Черне сидел с раскрытым ртом, а когда зашла речь о виноторговле, подлез ближе, втиснулся между бокалами и бутылками, чтобы не упустить ни слова, поскольку упомянутая компания была чревата для городка опасностью взрыва.
Снова перенапрягшись, Асканий погрузился в натуральный сон: пьян он больше не был, потому что уже часа два не притрагивался к спиртному. Во сне лицо его опять изменилось, с него спала маска, и не утративший наблюдательности прокурор принялся рассматривать его.
– Хотел бы я знать, как этот человек начинал, кем он был раньше, чего достиг и не отбывает ли теперь наказания. Взгляните на его волосатые руки, такие руки бывают у игроков в карты…
– Негоже копаться в прошлом, – прервал его Либоц, который, при всей своей мягкости, обладал твердым характером, – всякому человеку приходится страдать за свои поступки, и когда он выстрадал положенное, то подлежит прощению. А уж слабости друзей и вовсе следует прикрывать, ведь Асканий наш друг, который протянул нам руку в трудную минуту…
– И теперь требует воздаяния с процентами!
– Конечно, долги надо отдавать…
Черне тоже обрел новое лицо – лицо убийцы, Либоц же сохранил свое прежнее.

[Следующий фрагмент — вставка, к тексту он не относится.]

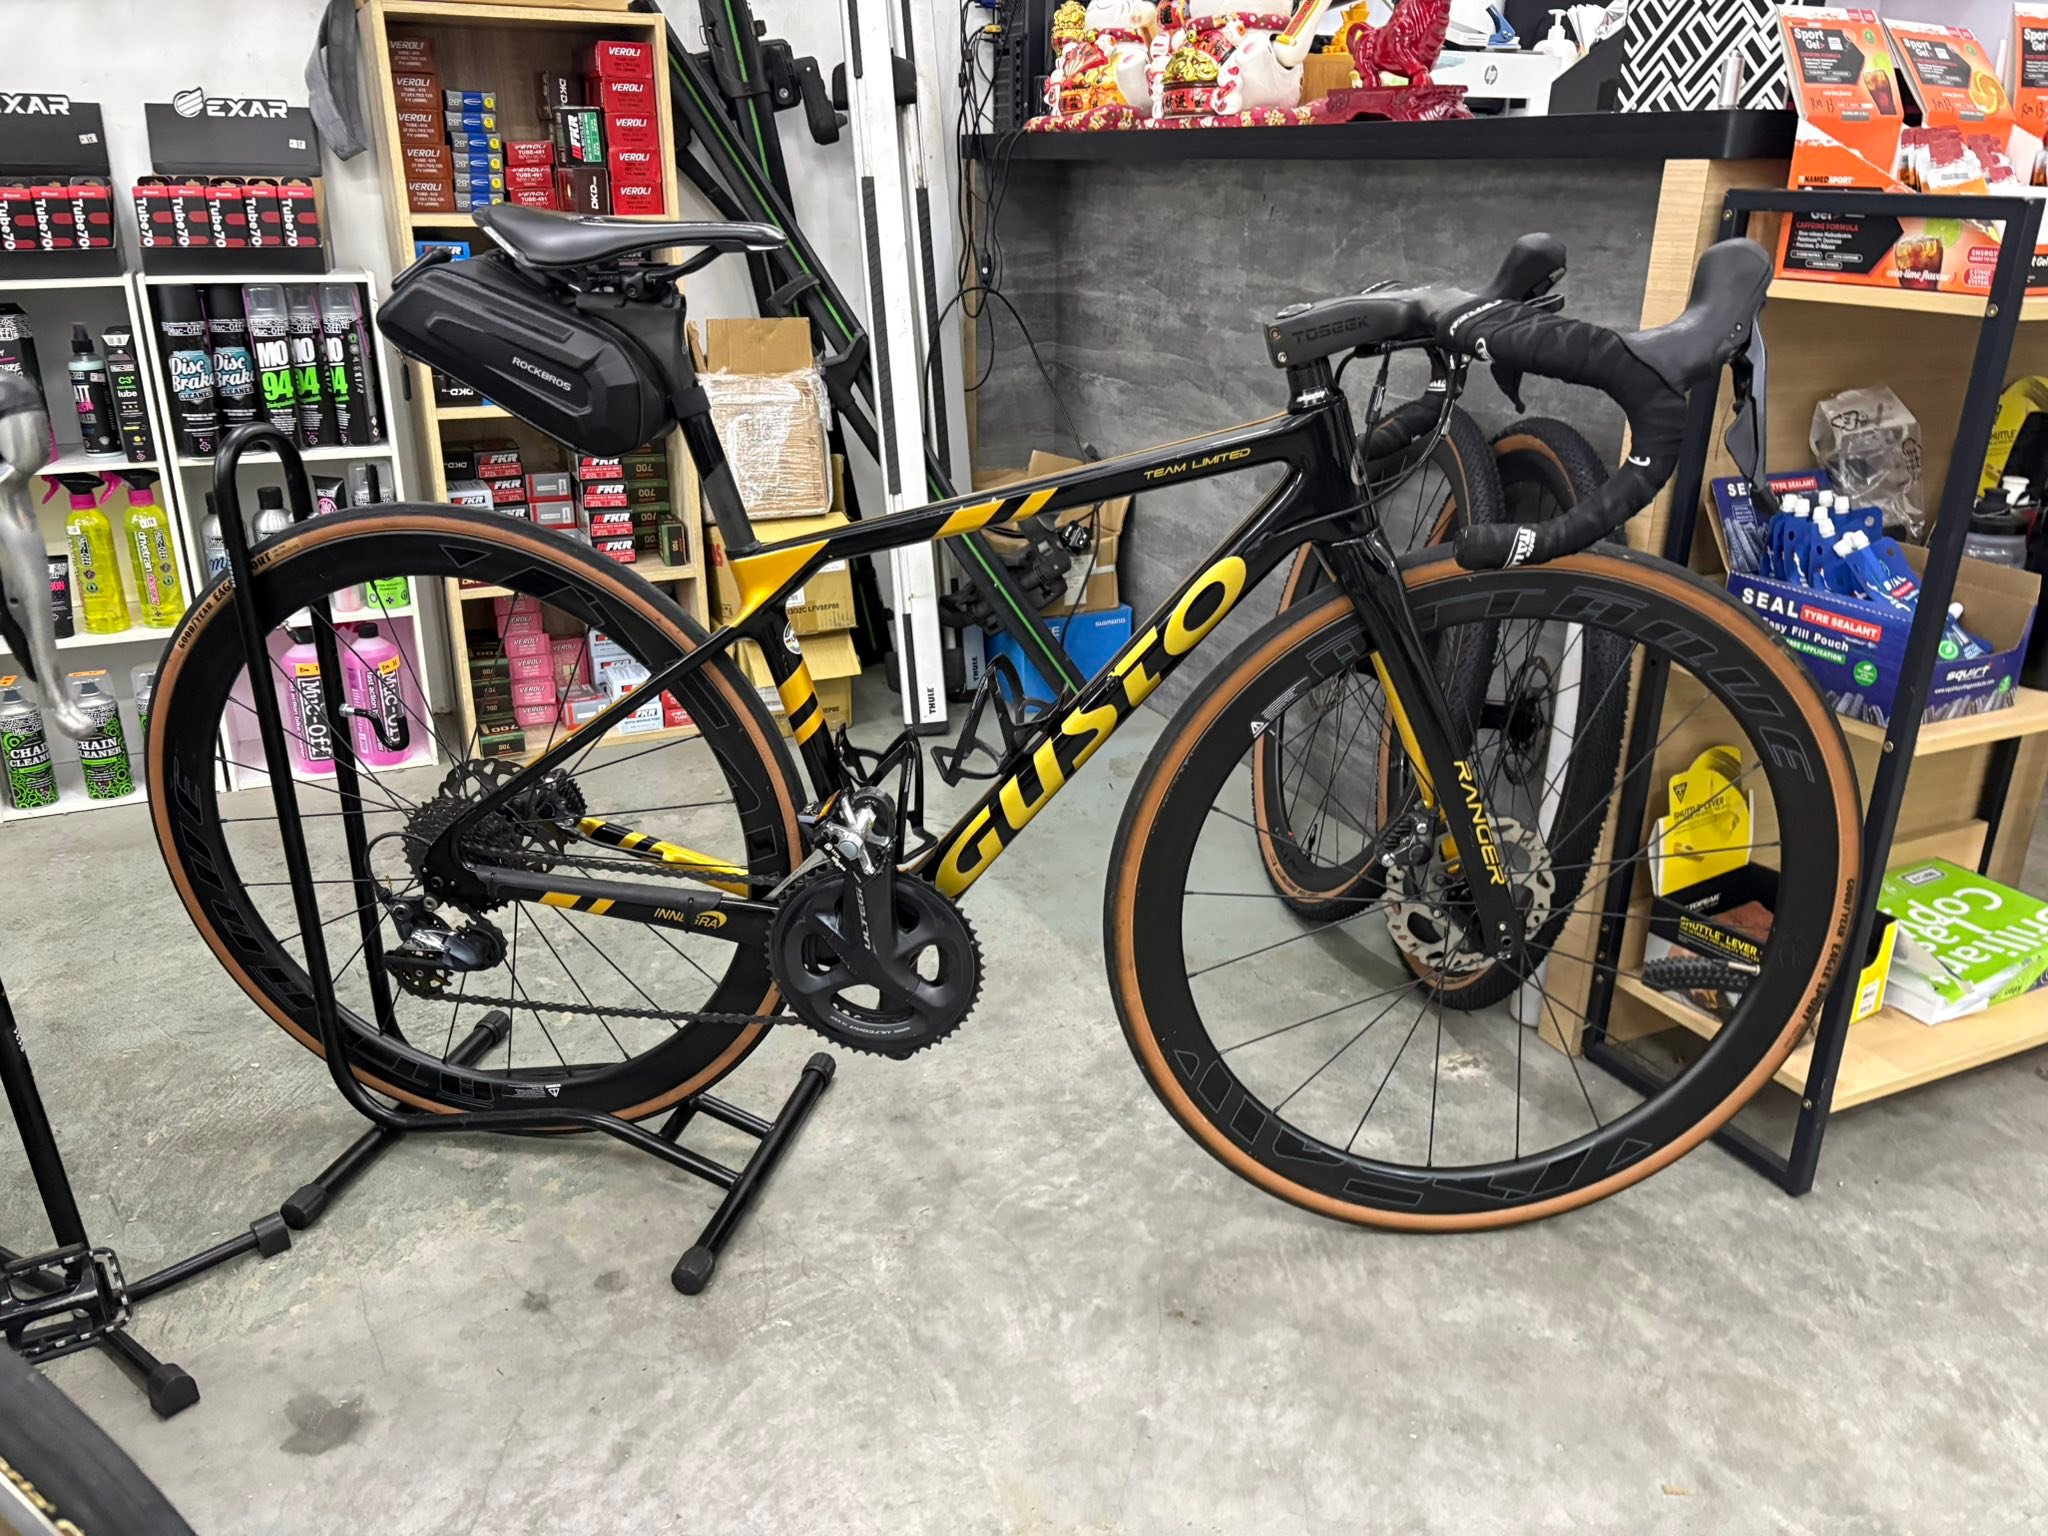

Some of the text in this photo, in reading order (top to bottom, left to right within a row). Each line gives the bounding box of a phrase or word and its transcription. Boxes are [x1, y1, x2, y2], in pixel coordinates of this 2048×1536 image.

[1794, 28, 1824, 40] Sport
[2024, 28, 2048, 43] Spor
[390, 41, 424, 50] VEROLI
[1805, 40, 1820, 49] Gel
[1903, 38, 1931, 50] Sport
[2032, 42, 2047, 51] Gel
[609, 47, 640, 56] VEROLI
[1916, 47, 1929, 57] Gel
[396, 77, 430, 87] VEROLI
[611, 83, 643, 92] VEROLI
[206, 100, 289, 118] EXAR
[398, 113, 432, 122] VEROLI
[615, 118, 647, 127] VEROLI
[568, 114, 581, 148] FKR
[407, 149, 440, 157] VEROLI
[619, 153, 649, 161] VEROLI
[409, 182, 442, 191] VEROLI
[620, 187, 651, 196] VEROLI
[1826, 224, 1859, 232] FORMULA
[1291, 315, 1372, 343] TOSEEK
[171, 357, 205, 376] Disc
[213, 353, 246, 371] Disc
[511, 356, 573, 392] ROCKBROS
[261, 369, 294, 401] 94
[490, 453, 518, 464] FKR
[1144, 447, 1251, 481] TEAM LIMITED
[494, 479, 521, 490] FKR
[596, 484, 625, 494] FKR
[1788, 480, 1814, 488] SEALANT
[461, 496, 484, 505] FKR
[602, 513, 631, 523] FKR
[605, 540, 633, 550] FKR
[1741, 587, 1799, 619] SEAL
[509, 615, 532, 623] EROLI
[1095, 618, 1126, 627] SHIMANO
[1803, 609, 1878, 637] TYRE SEALANT
[513, 638, 539, 646] VEROLI
[1791, 626, 1810, 640] Fill
[1813, 632, 1850, 652] Pouch
[553, 643, 576, 651] VEROLI
[1802, 642, 1843, 661] APPLICATION
[517, 658, 542, 667] VEROLI
[972, 656, 980, 682] THULE
[519, 685, 545, 693] VEROLI
[926, 687, 936, 715] THULE
[522, 706, 548, 714] VEROLI
[636, 708, 658, 717] FKR
[301, 680, 332, 758] Muc-Off
[935, 556, 1247, 898] GUSTO
[1453, 760, 1506, 885] RANGER
[1726, 935, 1758, 956] LEVER
[1802, 878, 1855, 1021] GOODYEAR EAGLE SPORT

Чуть погодя отоспавшийся трактирщик пробудился, однако не узнал собственных гостей; осоловевший не от спиртного, а ото сна, он обратился к прокурору, как если бы тот был симпатичным ему незнакомцем.
– Вместо того чтобы сидеть здесь, мистер Честер, вам надо пойти в докеры. Судя по вашему прошлому, регулярная работа в Бруклинском порту помогла бы вам снова встать на ноги.
– Он был в Америке, – шепотом произнес Черне.
Асканий между тем продолжал говорить с английским акцентом, отвечая на возражения мистера Честера, которые слышал один он.
– Девушка, сами знаете, погибла, но я тут не виноват, ничуть не виноват! Обстоятельства вроде бы указывают на меня, однако суд вынес оправдательное решение, оно и теперь хранится в шифоньерке…
Чтобы спасти друга, Либоц предпринял дерзкий шаг – дерзкий для него, человека робкого. Он нажал кнопку звонка, и через несколько минут появилась заспанная Карин: было уже два часа ночи.
Тут Асканий окончательно проснулся и, сердито взглянув на прислугу, буркнул:
– Чего надобно?
– Меня вызвали звонком, хозяин.
– Кто это посмел звонить?
Из упрямства, а также чтобы посмотреть трактирщику в глаза, отозвался Черне:
– Звонил я, мне захотелось пить!
Приглядевшись к прокурору, Асканий потер себе лоб и проговорил:
– Господи Боже мой, а я-то думал… не иначе как задремал… это же…
– Черне, – подсказал Либоц.
– Разумеется, это прокурор, и он захотел пить, сходи-ка за водой, Карин.
Карин вышла.
– Карин отнюдь не красива, как утверждает нотариус…
– Я ничего подобного не утверждал, – рискнул вставить Либоц, – она девушка славная и добрая, хотя далеко не красивая.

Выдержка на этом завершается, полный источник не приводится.